Microlithographic projection exposure methods and systems (machines) are currently used to fabricate semiconductor components and other finely patterned components. A microlithographic exposure process involves using a mask (reticle) that carries or forms a pattern of a structure to be imaged. The pattern is positioned in a projection exposure system between an illumination system and a projection objective in a region of the object surface of the projection objective. Primary radiation is provided by a primary radiation source and transformed by optical components of the illumination system to produce illumination radiation directed at the pattern of the mask in an illuminated field. The radiation modified by the mask and the pattern passes through the projection objective, which forms an image of the pattern in the image surface of the projection objective, where a substrate to be exposed is arranged. The substrate normally carries a radiation-sensitive layer (photoresist).
When a microlithographic projection exposure system is used in the manufacture of integrated circuits, the mask (reticle) may contain a circuit pattern corresponding to an individual layer of the integrated circuit. This pattern can be imaged onto an exposure area on a semiconductor wafer which serves as a substrate.
In one class of microlithographic projection exposure systems each exposure area is irradiated by exposing the entire pattern of the reticle onto the exposure area at once. Such apparatuses are commonly referred to as wafer steppers.
In alternative exposure systems commonly referred to as step-and-scan apparatus or wafer scanner, each exposure area is irradiated progressively in a scanning operation by moving the mask relative to an illumination beam in an effective object field of the projection objective, and simultaneously moving the substrate relative to the projection beam in the conjugate effective image field of the projection objective in respective scanning directions. The mask is typically held in place by a mask holder, which is movable parallel to the object surface of the projection objective in a scanning apparatus. The substrate is typically held by a substrate holder, which is movable parallel to the image surface in a scanning apparatus. The scanning directions may be parallel to each other or anti-parallel to each other, for example.
The projection objective defines, in general, an optical axis with reference to which the optical elements that belong to the projection objective are arranged. Generally, these optical elements are rotationally symmetrical relative to this optical axis, and the optical axis is a normal to the object field and image field. In this case, the design of the projection objective is denoted as being rotationally symmetrical. Such a rotationally symmetrical design does not in general imply that all optical elements in the physical implementation of the projection objective desirably is designed to be rotationally symmetrical. In the case of folded projection objectives, and/or in the case of catadioptric projection objectives, with on-axis object field or off-axis object field, the foldings and penetrations of the beam path may involve cutouts in optical elements, and/or optical elements that serve solely for beam deflection such as, for example, folding mirrors, and which have no refractive power.

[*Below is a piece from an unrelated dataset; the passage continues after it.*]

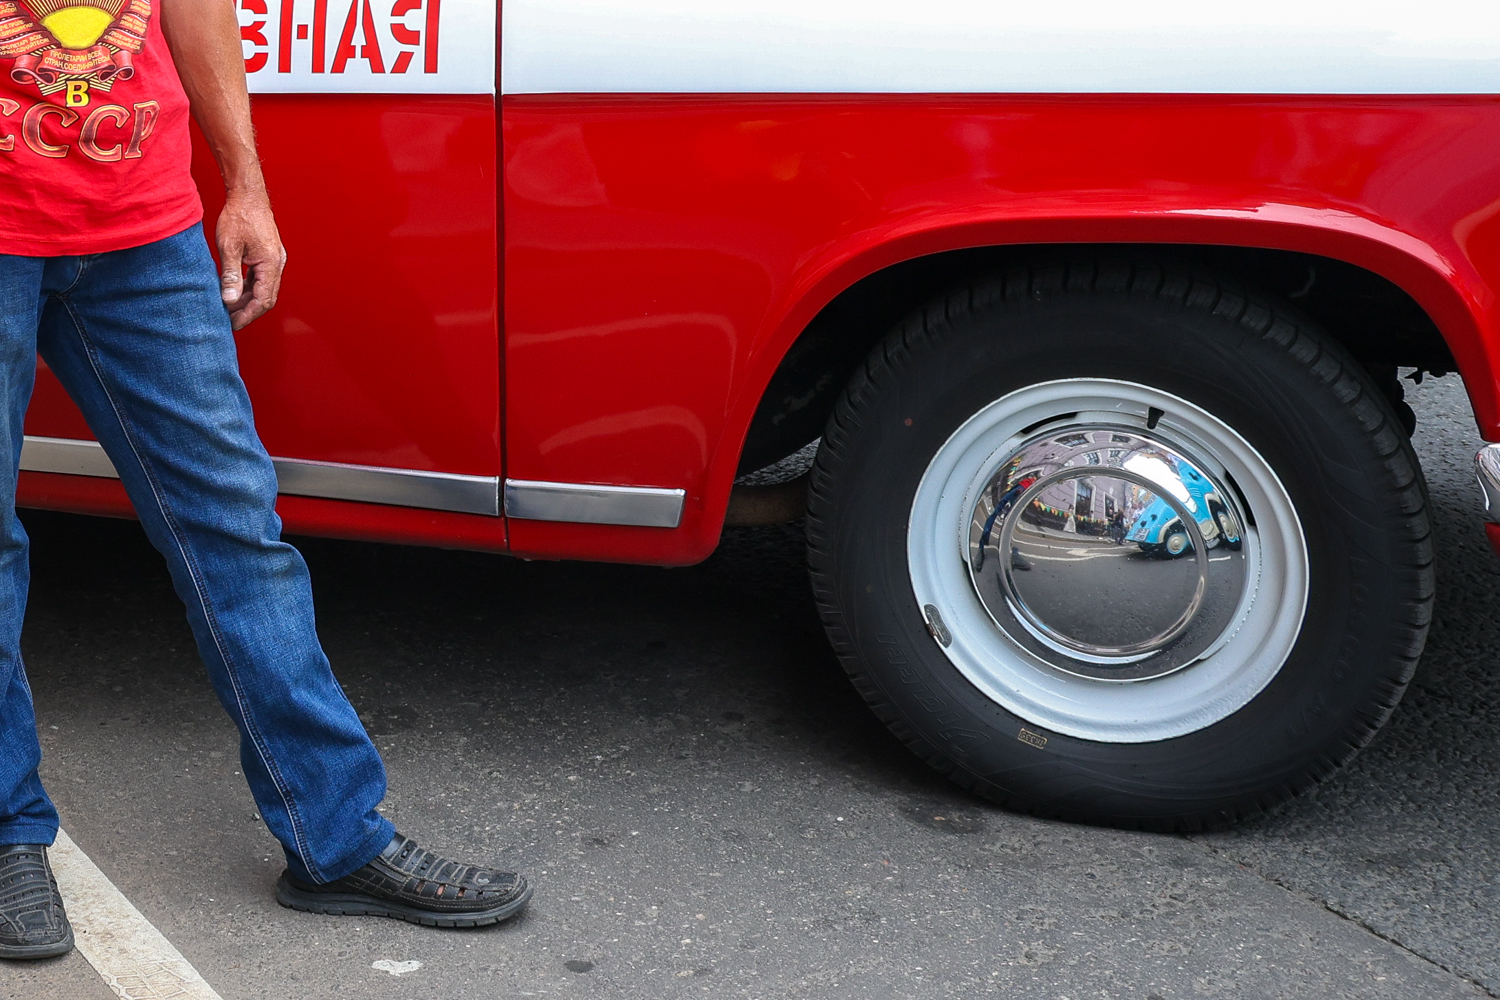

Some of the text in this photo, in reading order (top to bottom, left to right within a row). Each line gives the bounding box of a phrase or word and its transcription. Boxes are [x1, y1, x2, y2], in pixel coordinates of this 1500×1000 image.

[50, 49, 102, 62] ПРОЛЕТАРИИ ВСЕХ
[66, 81, 89, 107] В

During the exposure of the wafer, the projection exposure machine is operated with a prescribed image-side numerical aperture NA, also termed “numerical aperture” below for short, and with a setting (illumination setting) prescribed by the illumination system, for example an incoherent, annular, dipole or quadrupole illumination setting. The numerical aperture NA is defined by the position and the diameter of a diaphragm (aperture stop) in the projection objective. Common numerical apertures for projection objectives for microlithography are 0.5, 0.6, 0.7, 0.8, or 0.9 and values in between, for example. In the case of projection exposure machines that are designed for immersion operation, the numerical aperture may increase by approximately 50%, for example. The illumination setting is generally prescribed by optical elements of the illumination system such as the diffractive optical elements.
At each instant of the exposure, a maximum radiation bundle cut by the diaphragm passes from the effective object field to the effective image field from each field point belonging to the effective object field. In an ideal projection objective whose aberrations (also referred to as imaging errors) are determined only by the design, the wavefront, defined by this maximum radiation bundle, in the vicinity of the image point belonging to the object field point corresponds approximately to a spherical wave with the image point as midpoint. Such projection objectives are therefore also termed diffraction limited.
In general, during the exposure the projection objective is aligned with its optical axis in the direction of gravity. The generally planar reticle is in this case aligned horizontally, i.e. parallel to the object field of the projection objective. A consequence of this is that the reticle sags owing to the force of gravity, the sagging being a function of the type of the reticle and of the mounting technique securing the reticle, and is not known a priori or is difficult to determine. This deformation of the reticle caused by sagging of the reticle has the consequence that the position of the individual locations on the reticle that are to be imaged are displaced in a way that cannot be completely predicted a priori, the direction and length of this displacement themselves in turn being a function of the location on the reticle. What is involved here are pure spatial displacements that are not accompanied by a pupil error, or accompanied only by a vanishingly small pupil error.
A similar situation may be caused on the image side, e.g. on the side of the wafer. The problem may be of lesser importance there, since a wafer can typically be supported from below. Such a support is difficult to obtain for the reticle, as a matter of course.
A further cause for possible sagging of the reticle is the direct influence on the reticle of its mounting technique. Here, there generally occur forces and moments caused by bearings and/or clamps acting on the reticle. These are, a priori, likewise not fully known, and can differ from reticle to reticle, but they can also be identical for classes of reticle.